As for the carbon tax the Greens should have been more focused on a moratorium of new fossil fuel industries and extraction even at the very least the removal of public subsidy. It would have been an easier sell, made more of a difference and any complaints by industry would shed light on how much they get. Better to swap that for a lower price then to allow the vast expansion of coal exports and gas that will eventuate in the next few years not to mention 50% of the ETS carbon scheme will be worked out by buying PNG forests for a coupla dollars a ton. The Greens photocopy EU policy and get lost in the Canberran haze. I hope they get a mandate to go further and grow some brains about detail because we need them to do more than put up proxy regulation, we need them to dig into the bureaucracy and start removing the public subsidy.

The mining tax illustrates how the govt wants investment to remain high while at the same time scrap off another layer of revenue at the end of the process. There are high taxes and royalties but these are offset by asset depreciation and other subsidy. As reported in the Murdoch press for some miners we have tax and royalties of about 58% after all the rebates (not to mention project specific handouts and infrastructure spend) this ends up at 17% if you are putting all your profits into reinvestment in Australia. So when Marius Kloppers tells you with a straight face that every dollar made in Australia is being reinvested in Australia he is not lying. A comparable country Canada has a rate somewhere in the mid twenties - Govt policy is driving a heavily expansionist resource sector strategy - even to the point where it is leading to the negative effects of inflationary pressure and high dollar effecting the rest of the economy. For the Greens to miss the opportunity to actively engage with these issues in a minority govt context that involve detail that would be hard for Abbott to turn into a soundbyte, I think they are stuffing up and when small and medium size businesses get there power bills and don’t make that switch in efficiency (Greens and Labor should get onto this immediately) a certain amount of them are going to give Abbott govt even though the guy is seriously under resourced in the intellect department.

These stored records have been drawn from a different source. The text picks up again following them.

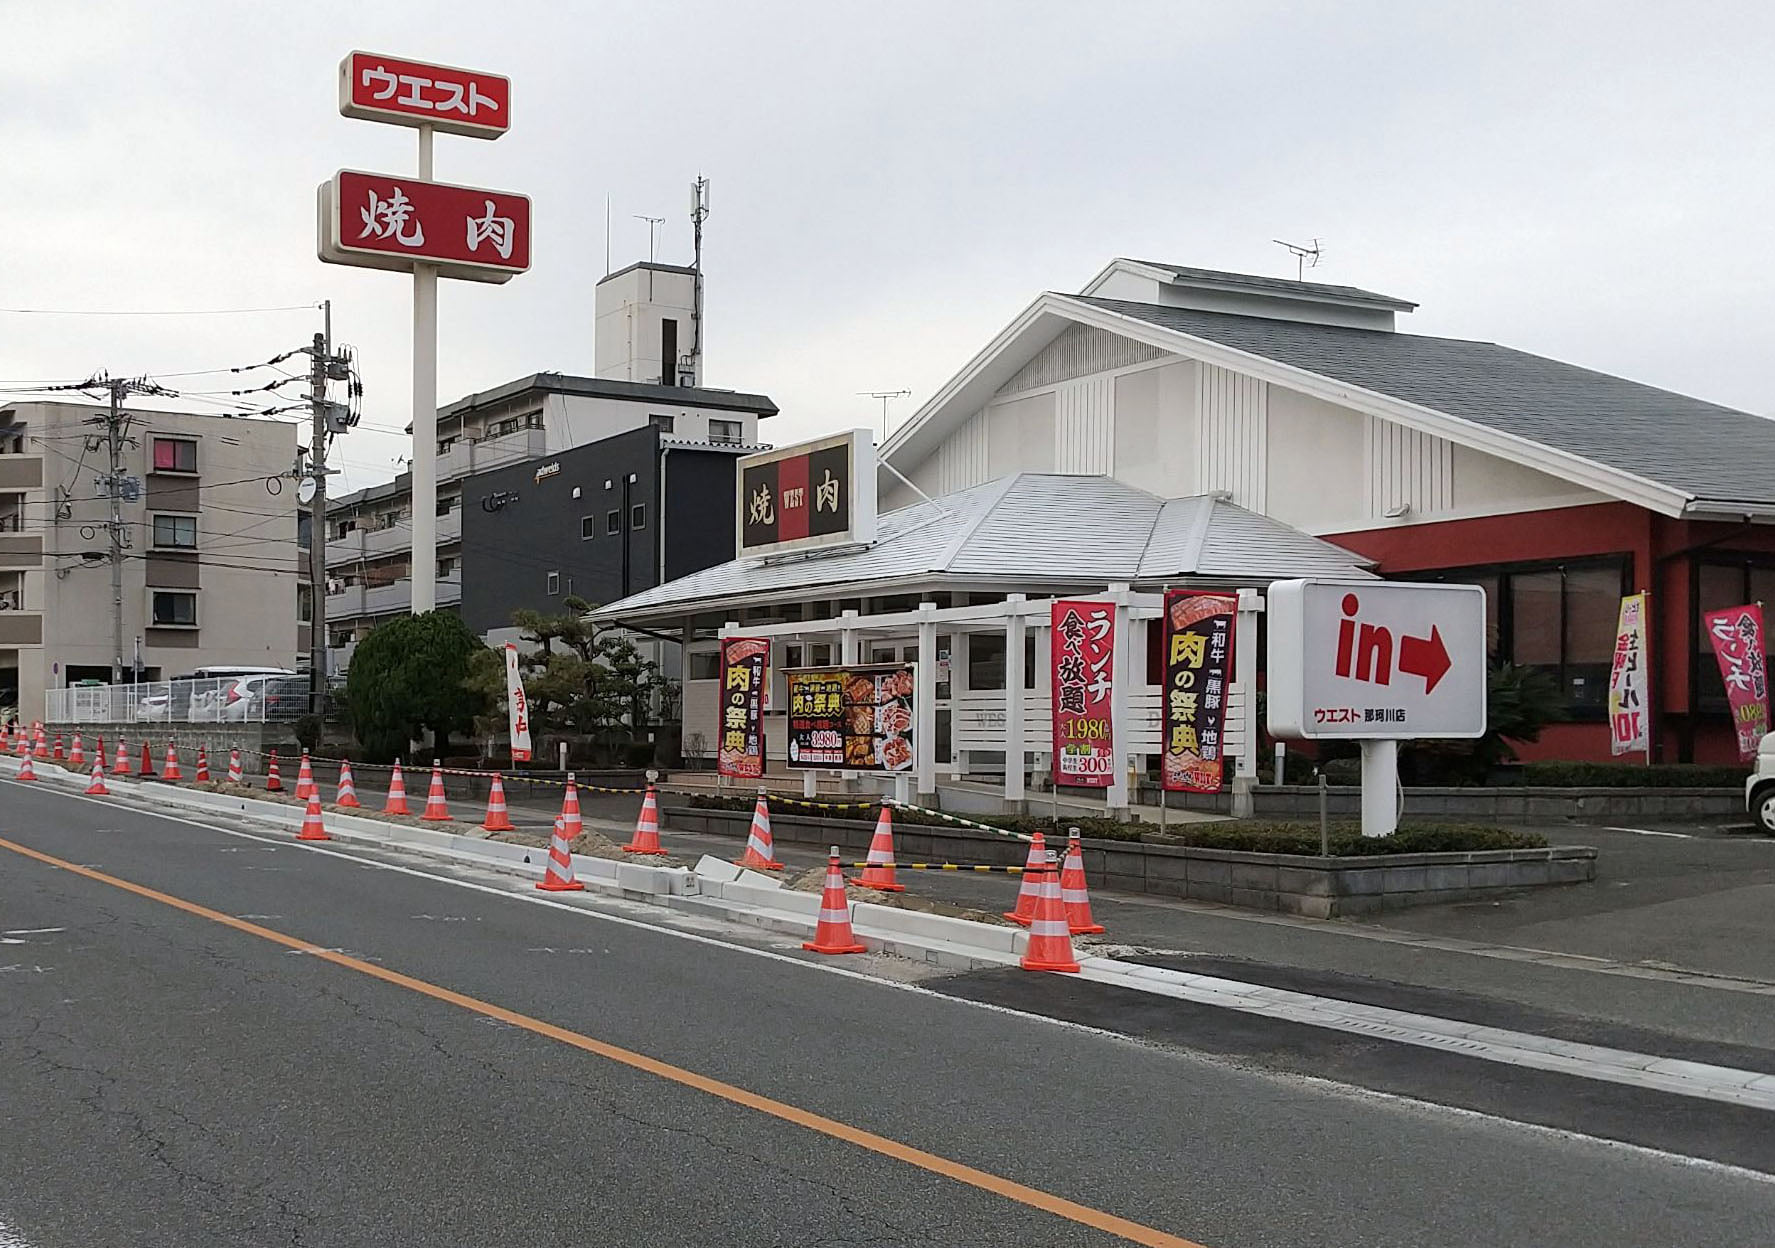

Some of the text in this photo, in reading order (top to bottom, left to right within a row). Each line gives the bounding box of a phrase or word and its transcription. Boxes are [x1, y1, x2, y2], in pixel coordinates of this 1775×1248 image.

[363, 66, 498, 116] ウエスト
[357, 186, 515, 259] 焼肉
[1058, 609, 1086, 714] 食べ放題
[1086, 611, 1111, 704] ランチ
[1336, 593, 1393, 686] in
[725, 665, 751, 753] 肉の祭典
[793, 693, 840, 713] 肉の祭典
[976, 713, 1006, 727] WES
[1169, 631, 1208, 756] 肉の祭典
[1314, 708, 1406, 723] ウエスト 那珂川店
[1079, 757, 1107, 773] 300
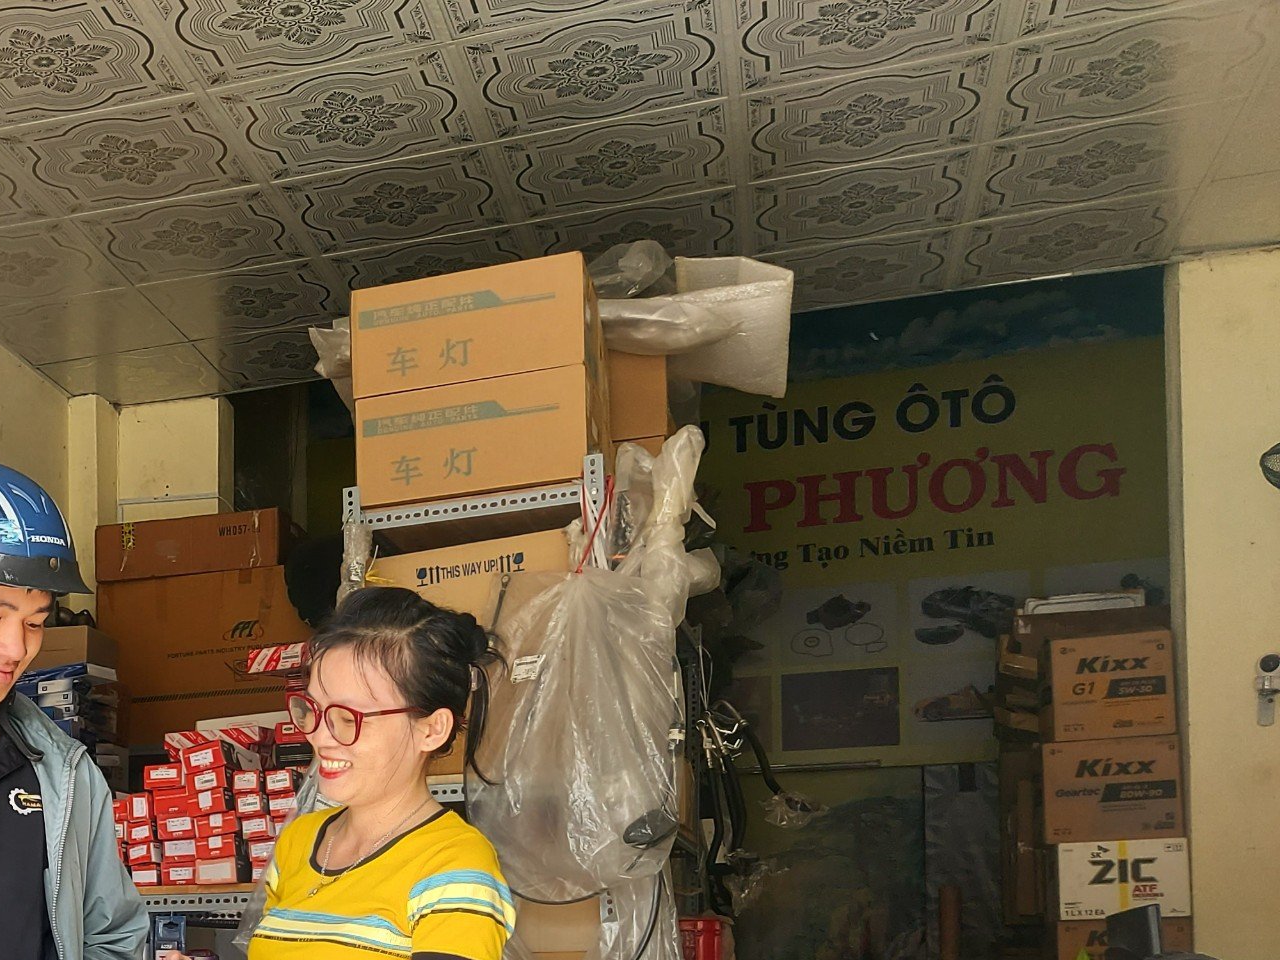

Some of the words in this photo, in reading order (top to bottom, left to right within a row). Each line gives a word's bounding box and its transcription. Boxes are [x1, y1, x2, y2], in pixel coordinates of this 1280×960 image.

[729, 401, 877, 453] TÙNG
[896, 373, 1017, 433] ÔTÔ
[743, 442, 1127, 533] PHƯƠNG
[218, 524, 261, 537] WH057-
[31, 535, 66, 546] HONDA
[797, 543, 850, 569] Tạo
[860, 528, 935, 558] Niềm
[944, 527, 995, 550] Tin
[441, 564, 460, 580] THIS
[462, 562, 482, 577] WAY
[484, 558, 499, 573] UP!
[167, 651, 194, 660] FORTUNE
[195, 648, 214, 656] PARTS
[215, 645, 246, 655] INDUSTRY
[1076, 655, 1151, 675] Kixx
[1072, 681, 1095, 696] G1
[1118, 685, 1153, 695] 5W-30
[1075, 758, 1156, 778] Kixx
[1056, 787, 1101, 798] Geartec
[1088, 857, 1159, 885] ZIC
[1132, 884, 1158, 893] ATF

We are seeing the largest expansion of fossil fuel extraction that Australia has ever seen and it is all going to be helped along with your money right at a time when it doesn’t make any sense - in another decade it will look like insanity.

Marga
Posted Wednesday, 03 August 11 at 2:45PM

This is a disturbing new trend. Now that coal becomes unattractive (after all it is dirty) and oil is running out, we must have a go at another finite resource. And there is shale gas everywhere, in Australia, and globally.

Fracking is fraught with all sorts of problems - both in the ground and on the ground - and high costs.
Dart talks of a ‘transitional’ fuel. How long is transitional?
What they probably mean by that is as long as there is shale gas in the ground and the returns fill the pockets.

Much much more time, money and effort needs to be invested in renewable and truly clean energy development to wean us off any of the finite inground resources.